Does removing the $700 million pumped storage project from the Lake Powell Pipeline really reduce the cost of this risky project?
Does removing the $700 million pumped storage project from the Lake Powell Pipeline really reduce the cost of this risky project?

State of Utah, Washington County work new angles to secure Lake Powell Pipeline

On Sept. 3, the State of Utah sent a letter to the Federal Energy Regulatory Commission asking that FERC “hold the Integrated Licensing Proceeding (ILP) in abeyance for 30 days” because the Utah Board of Water Resource is reevaluating the pipeline project design. Reasons for the delay and proposed project redesign include concerns expressed by the Army Corps of Engineers and the Environmental Protection Agency to the state about the project’s size and potential environmental impacts. Then on Sept. 25, the state submitted a request to FERC to withdraw their original project licensing application.

Included as a reason in the Sept. 3 letter for the requested delay, and probably the main reason, is the American Water Infrastructure Act of 2018, or AWIA, which amended the Federal Power Act to increase the maximum installed capacity for qualifying conduit hydropower facilities from five megawatts to 40 MW, streamlined the qualifying process, and exempted qualifying projects from FERC licensing jurisdiction.

As for project redesign, its expensive 300 MW pumped storage project (nearly $700 million), specifically, will be eliminated. According to the state’s 2018 Purpose and Needs Statement for the Lake Powell Pipeline, including the pumped storage project, the project had “a combined total installed capacity of 307.7 megawatts (MW).” So, without the pumped storage project, the Lake Powell Pipeline as currently designed would produce only 7.7 MW, well within the limits of the new AWIA of 2018.

The cost of the pumped storage project — $700 million — has not been included by the state in the estimated $1.1-$1.8 billion Lake Powell Pipeline cost they advertise to the public. The additional pumped storage project cost would have bumped the total cost up to as high as $2.5 billion, but the $700 million was a cost that Washington County would have had to bear alone with no state financing. The storage project has been used to present a rosy cost/benefit analysis to FERC for the project, i.e. we’ll spend lots of money but make money by producing energy!

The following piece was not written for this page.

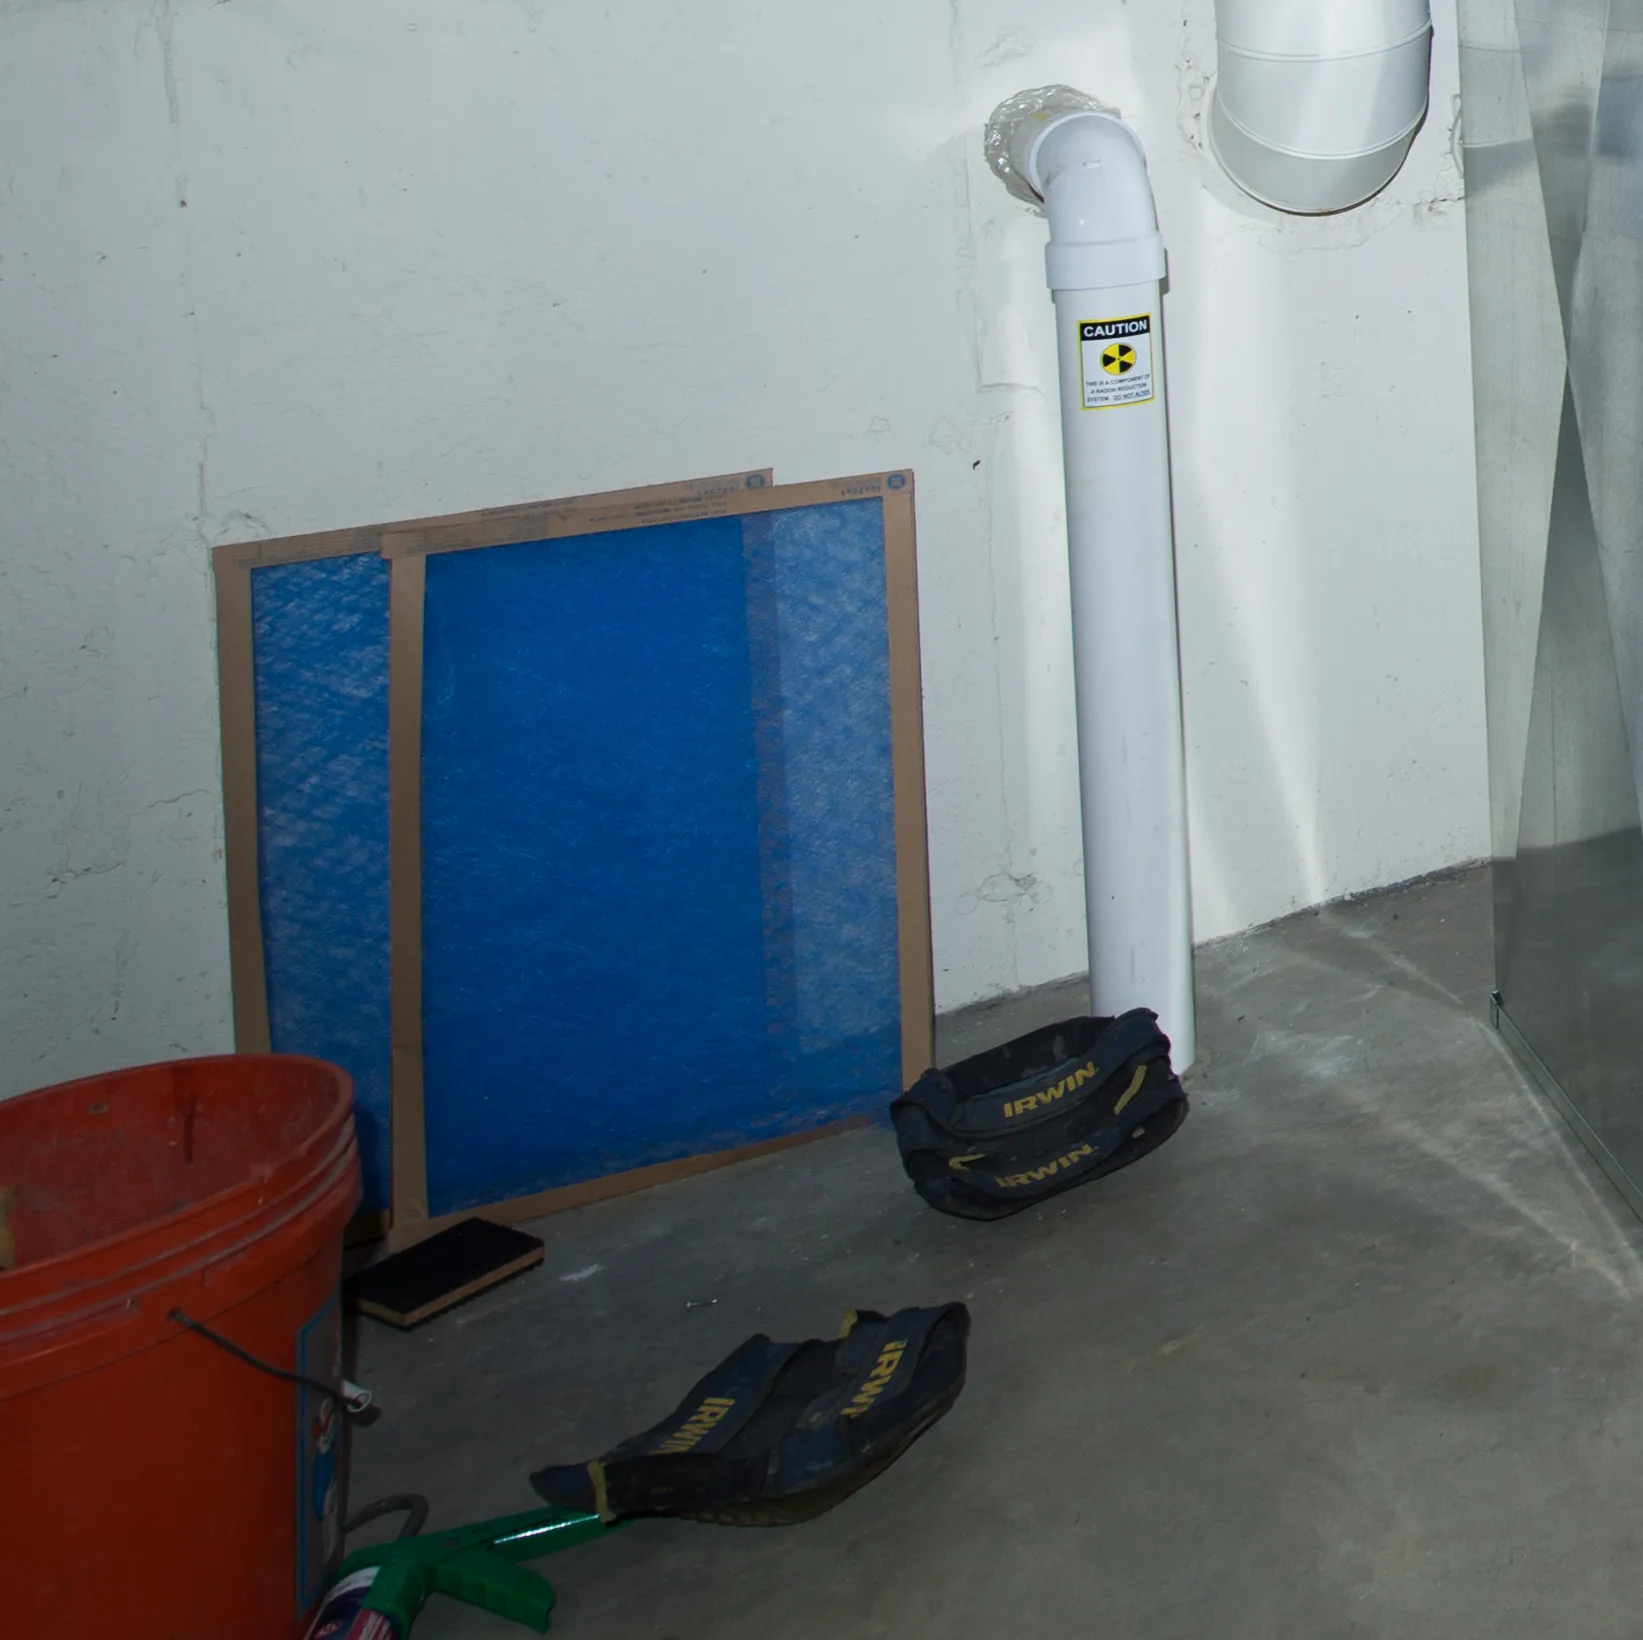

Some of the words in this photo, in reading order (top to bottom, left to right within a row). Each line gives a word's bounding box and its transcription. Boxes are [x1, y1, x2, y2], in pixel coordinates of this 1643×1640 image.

By removing the pumped storage project, licensing under FERC’s “expedited” process would not be required. FERC’s licensing process has been underway for over 10 years, with many bumps along the way. Utah went with the FERC process in hopes that it would save time, which has not been the case. By making this change, the state hopes to enjoy an easier approval process through the feds. Given the challenges they’ve faced with the current process and even after already spending over $35 million, the state sees this as a reasonable thing to do.

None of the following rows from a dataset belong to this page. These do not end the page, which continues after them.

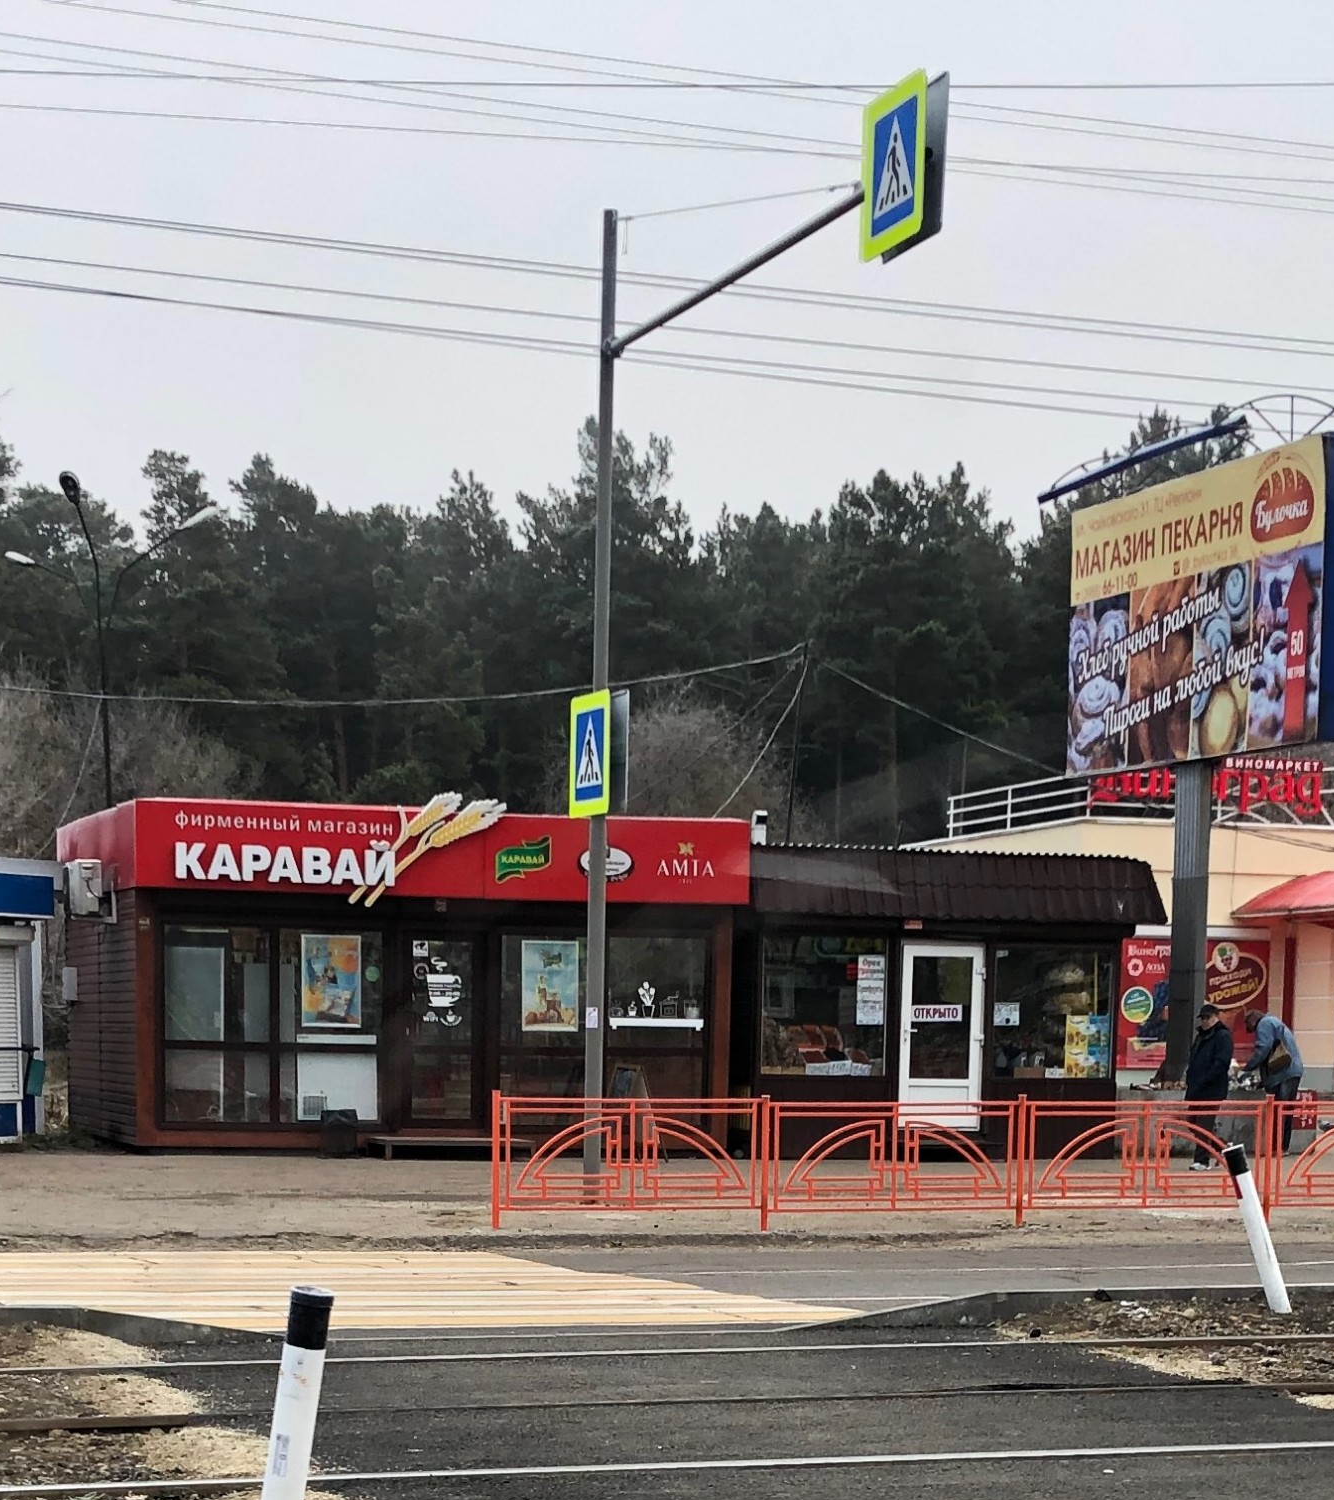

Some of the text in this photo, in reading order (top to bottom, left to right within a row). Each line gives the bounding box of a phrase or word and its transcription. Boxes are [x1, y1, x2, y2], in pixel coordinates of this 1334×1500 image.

[1255, 498, 1309, 533] Булочка
[1076, 527, 1156, 580] МАГАЗИН
[1161, 501, 1244, 556] ПЕКАРНЯ
[1078, 587, 1222, 683] Хлеб ручной работы
[1290, 629, 1304, 657] 50
[1103, 627, 1266, 746] Пироги на любой вкус!
[1225, 756, 1321, 773] ВИНОМАРКЕТ
[175, 810, 394, 836] фирменный магазин
[174, 839, 397, 888] КАРАВАЙ
[501, 853, 546, 865] КАРАВАЙ
[913, 1006, 959, 1020] ОТКРЫТО

The question is whether or not it will happen and how much money will be spent. Removing the $700 million pumped storage project from the Lake Powell Pipeline does not really reduce the overall cost of this risky project, and that is still a big problem for our state and our county’s residents.

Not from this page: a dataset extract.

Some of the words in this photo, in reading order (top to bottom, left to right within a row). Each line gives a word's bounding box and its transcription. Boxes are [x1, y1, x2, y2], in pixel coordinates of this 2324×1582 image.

By dropping the pumped storage project, the state also hopes to ease the approval process through the Army Corps of Engineers, which has asked for answers to its environmental concerns. However, even by dropping the pumped storage project, there would still remain environmental impacts to the land from the 140-mile Lake Powell Pipeline crossing hundreds of washes, the Paria River, and the Kanab Creek Area of Critical Environmental Concern. And it certainly doesn’t eliminate the risk of transporting quagga mussels from Lake Powell to Sand Hollow and then on to Washington County cities. Additionally, rehabbing a scarred desert landscape is virtually impossible.

The “general permit” that the state is trying to secure from the Army Corps of Engineers doesn’t seem applicable to a project of this magnitude, but we shall see. According to the corps’s website, “A general permit is issued for structures, work or discharges that will result in only minimal adverse effects.” So far, I have not seen that the corps has issued a decision on the issue of “minimal adverse effects” pertaining to the Lake Powell Pipeline’s current design and certainly not for the yet-to-be-determined new design.

Although this latest action by the state may get them out from under FERC’s thumb, it seems from my reading of what is required under the new AWIA that after spending over $35 million on the FERC licensing, the state will also have many requirements under AWIA including:

—Development or updating of community risk assessments and emergency response plans for community water system serving more than 3,300 people.

—Amending of state capacity development strategies with description of how asset management plans will be developed to include best practices, training, technical assistance, and other implementation activities.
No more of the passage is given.